As cliche as it may come off, my favorite quote ever is by Socrates and states that “The unexamined life is not worth living.” I have a principal I follow. I came up with this about five years ago, and it’s an extension from my evaluation of this quote. I use this method when I know enough about someone to gauge their basic level of values, beliefs and principals, but we disagree or we’re misaligned… When I hear that voice inside wanting me to wedge separation between how I feel about them. I ask myself “Are their beliefs rooted in self-reflection with an intention of betterment?” If my answer is yes to that question, I cut them some slack. If it’s no, then I don’t.
Sometimes even in reflection of values, people will impose their beliefs on others and try to change laws or systems to take rights away from others that believe differently than them. I’ll step up to defend the rights of people to live their lives in the pursuit of happiness however they feel that is. I still try to remain open to understanding that the opposition often-times feels a struggle with their own internal reflection on values and beliefs that they really believe to be right.

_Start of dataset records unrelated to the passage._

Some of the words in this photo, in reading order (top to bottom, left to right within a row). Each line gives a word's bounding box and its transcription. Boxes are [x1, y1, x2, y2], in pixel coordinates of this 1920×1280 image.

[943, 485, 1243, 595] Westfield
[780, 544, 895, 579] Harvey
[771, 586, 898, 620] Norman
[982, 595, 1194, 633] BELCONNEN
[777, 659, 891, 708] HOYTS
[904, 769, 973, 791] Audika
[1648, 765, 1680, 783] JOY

While we polarize and plant stakes in the sand on opposite sides of the sea, someone needs to swim to the island every once in a while to move things forward. It’s exhausting making that trek. We’re not going to start the process of healing as a nation and as a world until we’re open to listening to others and open to having healthy discussions.

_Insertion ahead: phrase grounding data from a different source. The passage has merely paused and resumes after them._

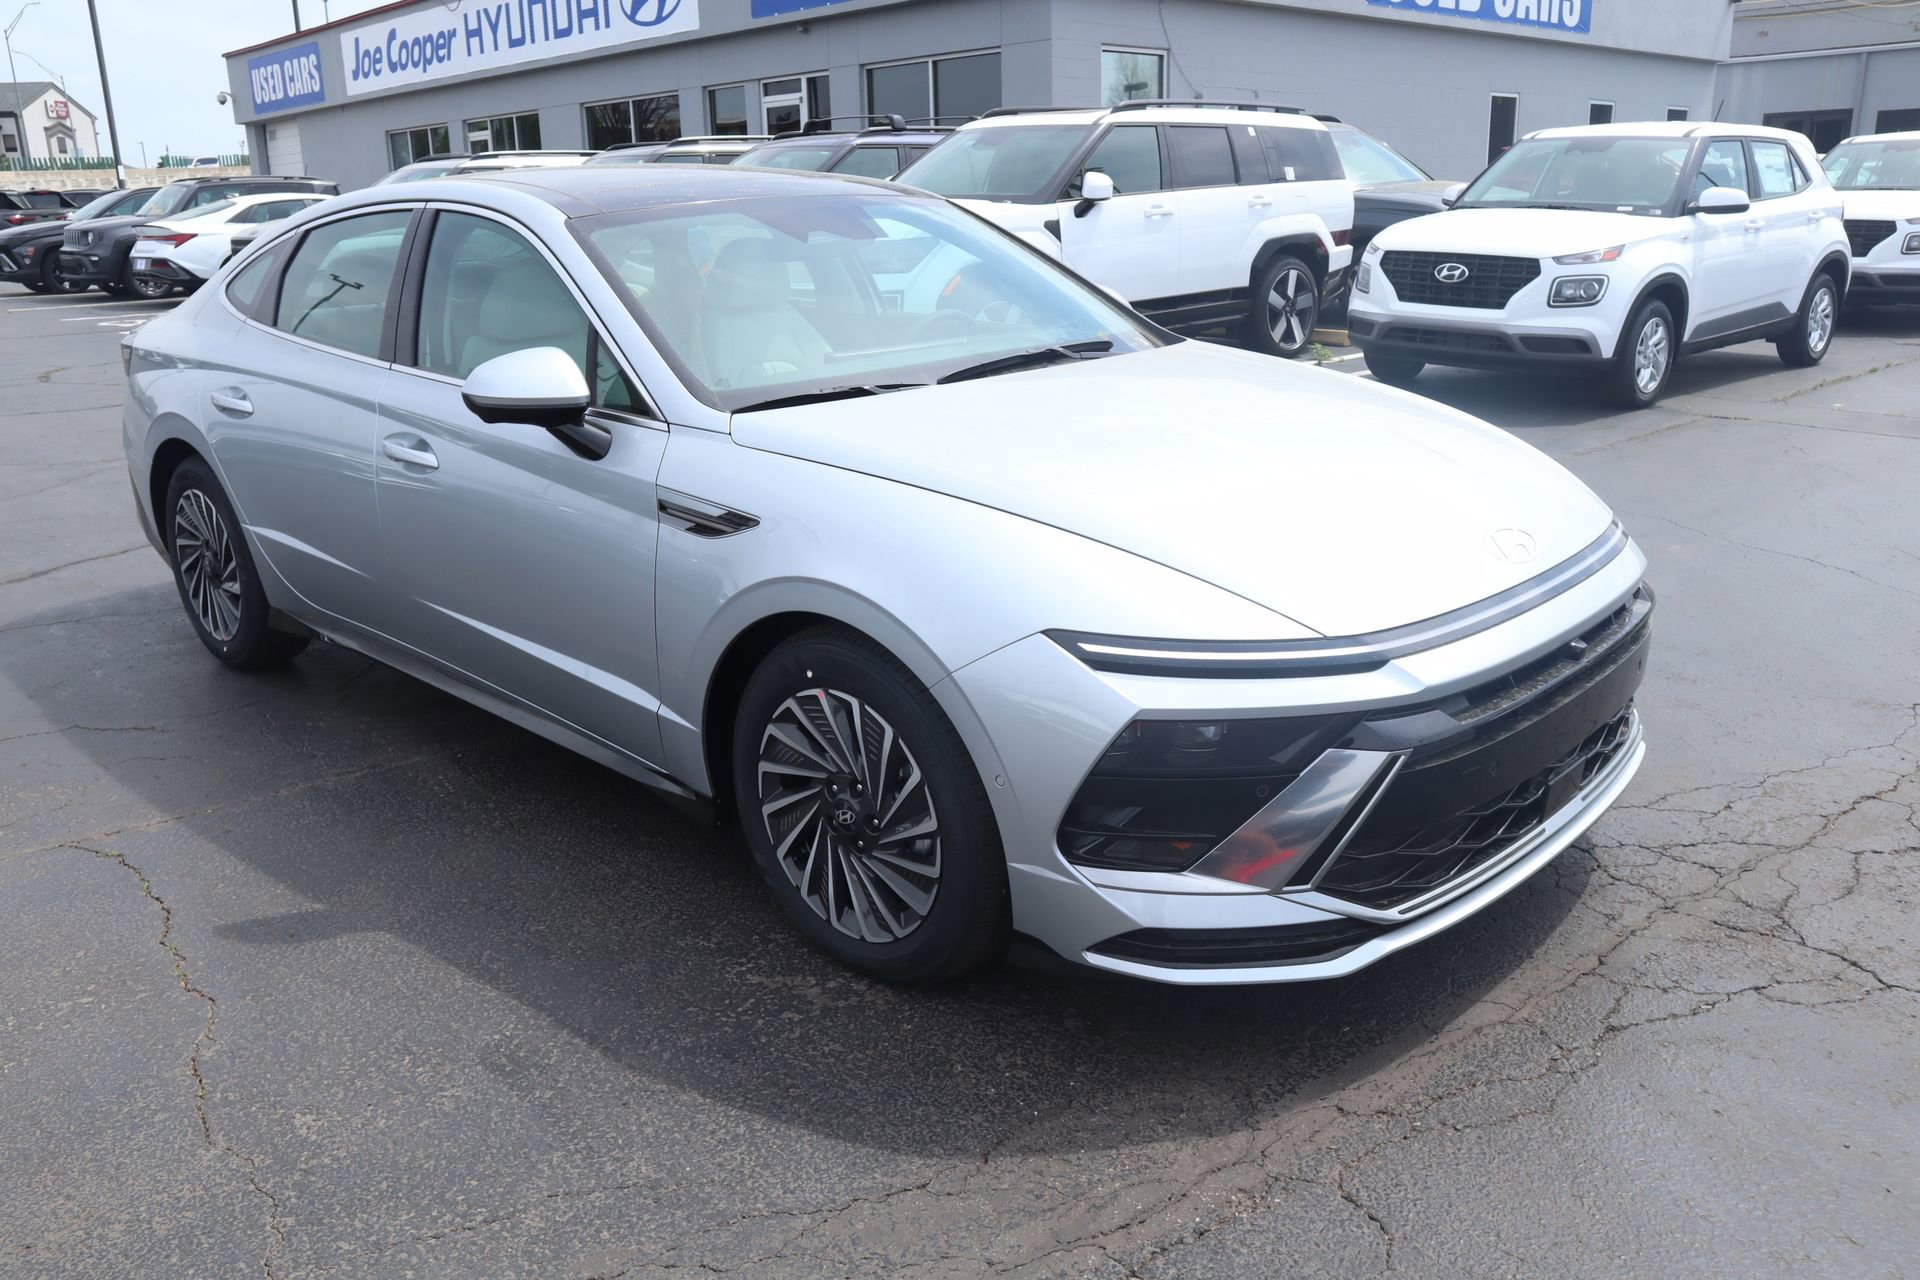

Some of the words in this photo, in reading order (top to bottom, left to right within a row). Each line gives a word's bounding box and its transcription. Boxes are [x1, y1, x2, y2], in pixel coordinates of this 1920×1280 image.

[352, 37, 383, 81] Joe
[386, 28, 457, 73] Cooper
[463, 0, 611, 57] HYUNDAI
[251, 64, 284, 104] USED
[284, 54, 320, 97] CARS

My Gramma doesn’t have the same belief system I do. Her and I don’t believe in much of anything that aligns. I know she has the biggest heart, and it’s full of love and compassion. She’s a self-reflector and she tries to be a better person every day. I encourage you to find your Gramma, whomever that is, and try to take a step back to view others through the Grandma Lens. If you can look at others through that lens and you see that they’re well-intentioned through their flaws, cut them some slack. Give it a try. If you look through the Grandma Lens and see tiki-torch carrying Nazis... well, screw those guys. Nobody needs that shit.